— Data shown —
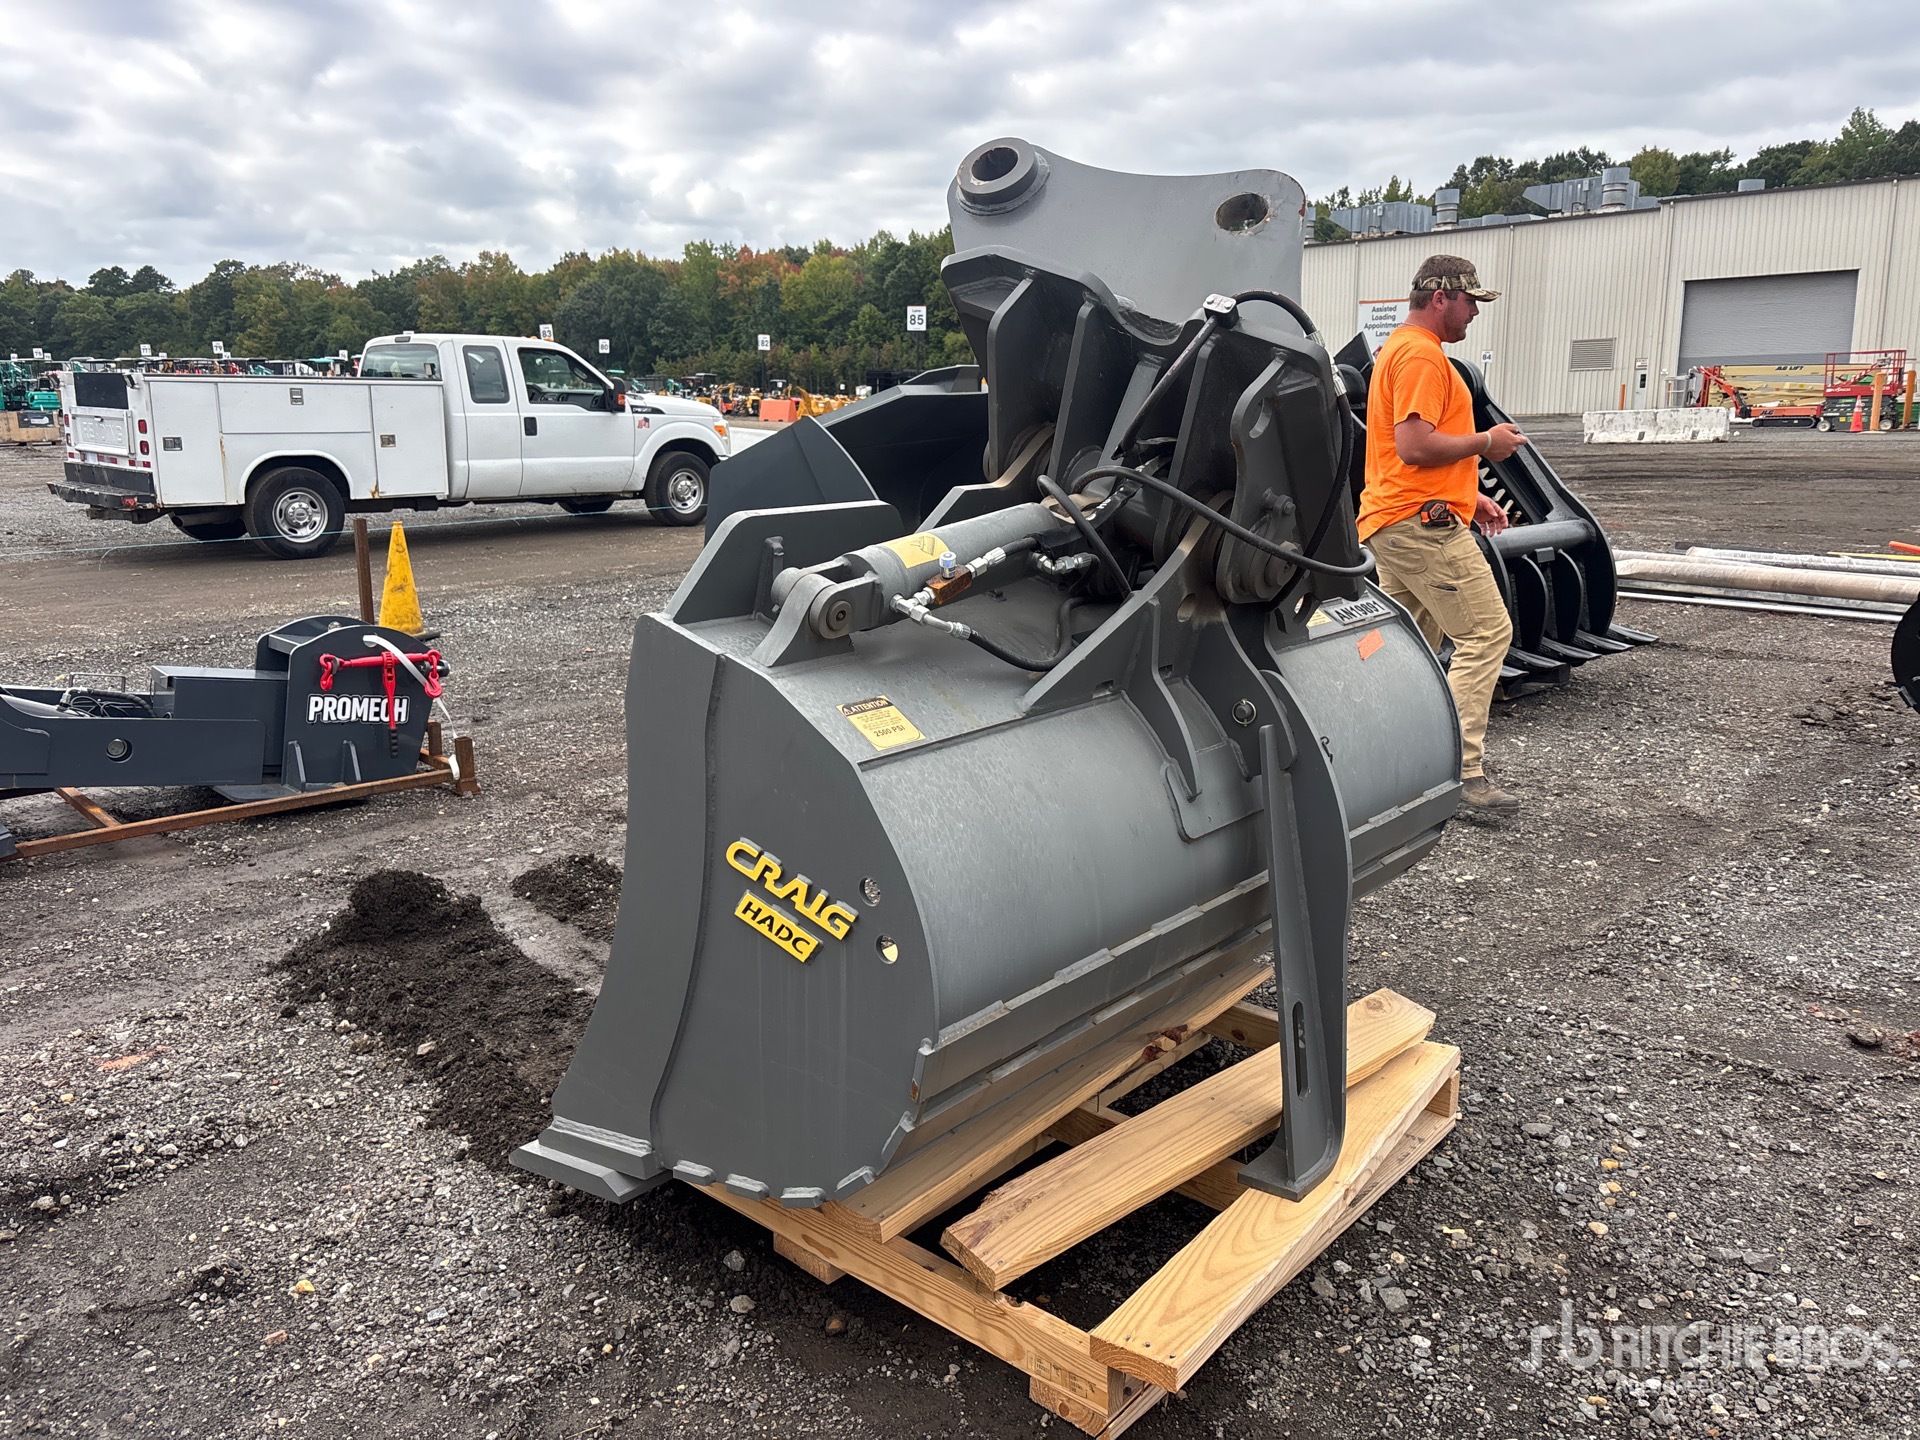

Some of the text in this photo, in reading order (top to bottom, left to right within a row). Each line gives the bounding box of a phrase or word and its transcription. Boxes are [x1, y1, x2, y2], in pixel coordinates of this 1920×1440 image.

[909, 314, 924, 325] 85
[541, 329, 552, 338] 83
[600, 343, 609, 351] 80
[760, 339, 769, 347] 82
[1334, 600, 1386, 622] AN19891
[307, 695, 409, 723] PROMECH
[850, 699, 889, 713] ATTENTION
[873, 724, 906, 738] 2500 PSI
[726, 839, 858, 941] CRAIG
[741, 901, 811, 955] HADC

— Exercise brief —
Write out the records above in full and exactly, with no pictures.

— Answer to the problem —
Some of the text in this photo, in reading order (top to bottom, left to right within a row). Each line gives the bounding box of a phrase or word and its transcription. Boxes are [x1, y1, x2, y2], in pixel coordinates of this 1920×1440 image.

[909, 314, 924, 325] 85
[541, 329, 552, 338] 83
[600, 343, 609, 351] 80
[760, 339, 769, 347] 82
[1334, 600, 1386, 622] AN19891
[307, 695, 409, 723] PROMECH
[850, 699, 889, 713] ATTENTION
[873, 724, 906, 738] 2500 PSI
[726, 839, 858, 941] CRAIG
[741, 901, 811, 955] HADC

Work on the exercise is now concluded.